Bill McKibben: I think that that's absolutely right. And one way to say that is the thing that Exxon would most like people to believe is, if there's a problem with the climate, the solution is for each of you slowly to change your habits. It's your fault, go at it-
john a. powell: Recycle.
Bill McKibben: Right. And it's very good idea to recycle and my house is covered with solar panels or not. But I do not try to convince myself for myself that that's how we're going to deal with this problem. Climate change has reached the point where you can't deal with it one Prius at a time. Okay.
Bill McKibben: The most important thing that an individual can do in a sense is be somewhat less of an individual, and join together in the movements that offer some hope for reshaping the basic economic and political ground rules. And that's hard and that's also possible. And there are reasons for hope at the moment.
Bill McKibben: I mean it was, I've spent much of the last stretch helping organize these climate strikes that we saw in September with 7 million people in the street. And it was great fun to get to work at, to know a little bit and work with people like Greta Thunberg and all the young people around the world who had been just doing there-
Bill McKibben: There are 10,000 credits around the planet doing fantastic work. Extraordinary number of them from indigenous communities, from frontline communities, various kinds it's really fun to watch. So that's good. There's also something mildly undignified about taking the largest problem that's ever existed on the planet, and assigning it to junior high school students to solve.
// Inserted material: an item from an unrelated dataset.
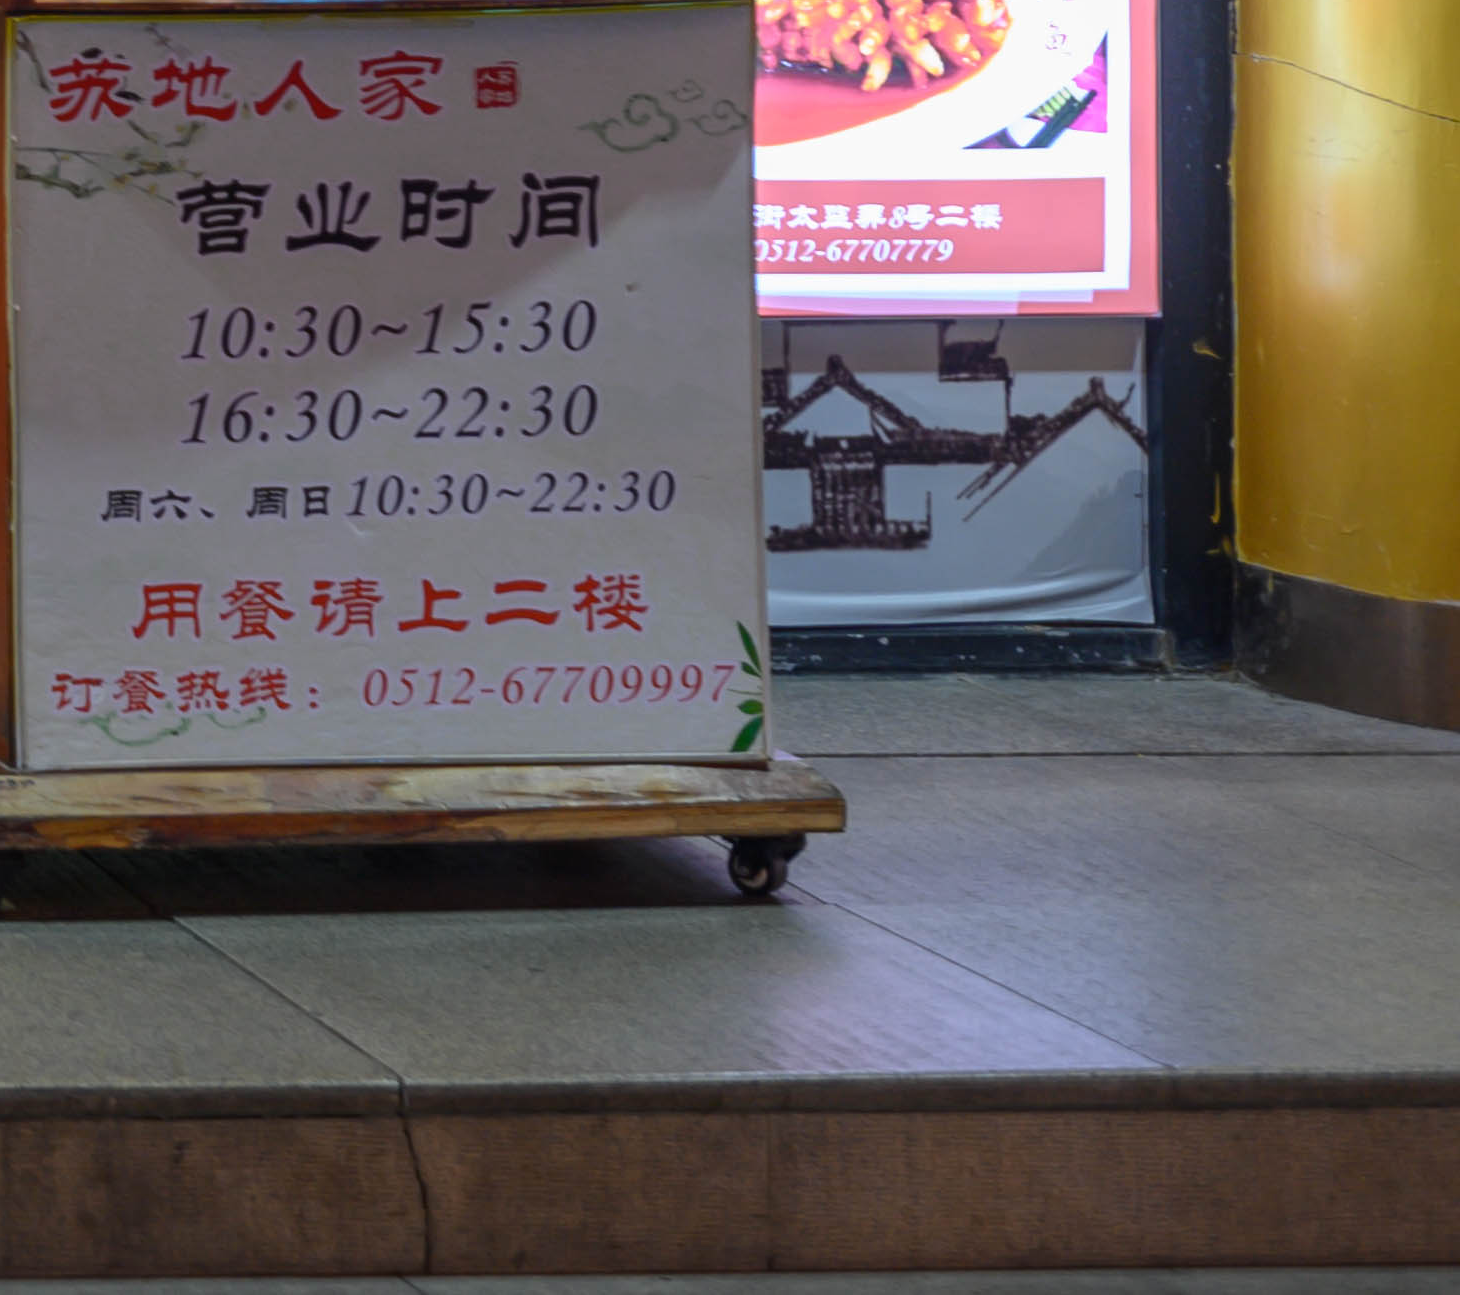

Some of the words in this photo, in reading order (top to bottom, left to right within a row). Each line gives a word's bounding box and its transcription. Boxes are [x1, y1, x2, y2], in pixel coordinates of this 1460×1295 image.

Bill McKibben: So it would be good for everybody to getting here. I would just want to say one real tribute to the people in the UC system who worked for a very long time. And a month ago won a great victory when, the UC system divested its holdings in fossil fuels much as it did in apartheid South Africa, a generation before. Thank you so much to people who worked for that. It meant a huge amount.
Osagie Obasogie: Great. Well thank you. So I think this is a good place to end this conversation and to start a new one. So this is how this is going to work is that we've had folks who have been collecting questions from you all, both online and cards. And they have been emailing them to me.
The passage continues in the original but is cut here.